Wilson entered the eighth with the Dodgers leading by a run following seven shutout innings from left-handed starter Hyun-Jin Ryu.

After Smith tied the score, Wilson walked pinch hitter Yasmani Grandal. The right-hander then fumbled shortstop Everth Cabrera's sacrifice bunt for an error.

Denorfia lined his decisive single to center after Grandal reached third on a delayed steal and Cabrera took second a pitch later without the Dodgers contesting the play.

"What just happened is more difficult to deal with because Ryu pitched so well," Wilson said. "I was not able to get ahead in the count tonight. I wasn't able to make proper pitches because of that. It was a good piece of hitting by Denorfia on a full-count pitch. And I was behind Smith 2-and-0.

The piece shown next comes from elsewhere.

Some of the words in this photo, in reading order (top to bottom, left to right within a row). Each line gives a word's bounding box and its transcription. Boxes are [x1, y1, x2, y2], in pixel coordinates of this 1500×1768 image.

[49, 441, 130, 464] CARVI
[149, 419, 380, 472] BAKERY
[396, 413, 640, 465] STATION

"I wasn't able to get ahead in the count, and they took advantage of it."

Mattingly said, "That was the blueprint for us ... how we win games. If we get seven innings like that from our starter, with our bullpen, we'll win our share. We are comfortable with that lead with our bullpen."

The Padres' opener and the Dodgers' first game on U.S. soil featured a pitchers' duel between Ryu and Padres right-hander Andrew Cashner.

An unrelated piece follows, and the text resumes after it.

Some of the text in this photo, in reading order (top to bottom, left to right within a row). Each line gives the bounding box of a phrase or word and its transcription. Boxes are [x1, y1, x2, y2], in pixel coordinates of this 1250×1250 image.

"That was a good, clean game for both sides until we caught a break when Wilson made the error on Cabrera's bunt," Padres manager Bud Black said.

Ryu allowed three hits and three walks while striking out seven.

The Padres threatened in the first two innings against Ryu, getting their first two batters on base in each frame. First baseman Yonder Alonso bounced into a bases-loaded double play to end the first. Cabrera struck out with runners on second and third and two outs in the second.

Ryu retired 16 consecutive Padres after left fielder Tommy Medica and center fielder Will Venable opened the second with back-to-back singles.

The streak ended when Ryu walked Medica on four straight pitches with one out in the seventh. Medica was eliminated on an inning-ending double play.

Left fielder Carl Crawford's two-out, two-strike line single over the head of Padres third baseman Chase Headley in the fifth drove in second baseman Dee Gordon to give the Dodgers a 1-0 lead.

The run snapped a string of 20 scoreless innings pitched by Cashner dating back to last season. Cashner retired the Dodgers in order in three of the first four innings before catcher A.J. Ellis opened the Dodgers' go-ahead rally with a one-out single to left. After Gordon drew a walk, Ryu bunted into a force play at third.

Crawford fouled off two pitches from Cashner after falling behind

0-and-2 in the count. He then lined a 96 mph fastball to left, easily scoring Gordon from second.

Cashner allowed the Dodgers one run on four hits over six innings.

He had five strikeouts and two walks, both of which were issued in the fifth.

"It is something to build off of," Cashner said. "It's definitely nice to get a win. It's such a tough lineup those guys have. You can't make a lot of mistakes."

Right-hander Dale Thayer earned the win by retiring all three batters he faced in the eighth. Closer Huston Street picked up the save with a perfect ninth.

Prior to the game, the Padres honored Hall of Fame broadcaster Jerry Coleman, who died Jan. 5 at the age of 89.

Before joining the Padres broadcast team in 1972, Coleman was a second baseman for the New York Yankees -- he was the MVP of the 1950 World Series -- and a distinguished Marine aviator who was the only major-leaguer to see combat in both World War II and Korea.

The television and radio booths at Petco Park were renamed the "Jerry Coleman Broadcast Center."

NOTES: The game drew a Petco Park record crowd of 45,567. ... Padres LF Carlos Quentin opened the season on the 15-day disabled list with a bone bruise of his left (good) knee. Quentin, who is eligible to rejoin the Padres on April 8 in Cleveland, suffered the injury while making a sliding catch in the outfield March 18 ... Due to injuries, the Padres' Opening Day lineup included two starters -- C Rene Rivera and LF Tommy Medica -- who didn't figure to make the roster at the start of spring training ... Dodgers RHP Josh Beckett (rehabbing from rib surgery) will throw batting practice Monday. He could start Saturday against the Giants ... Dodgers CF Matt Kemp (rehabbing from ankle surgery) will take batting practice Monday. He could come off the disabled list Friday.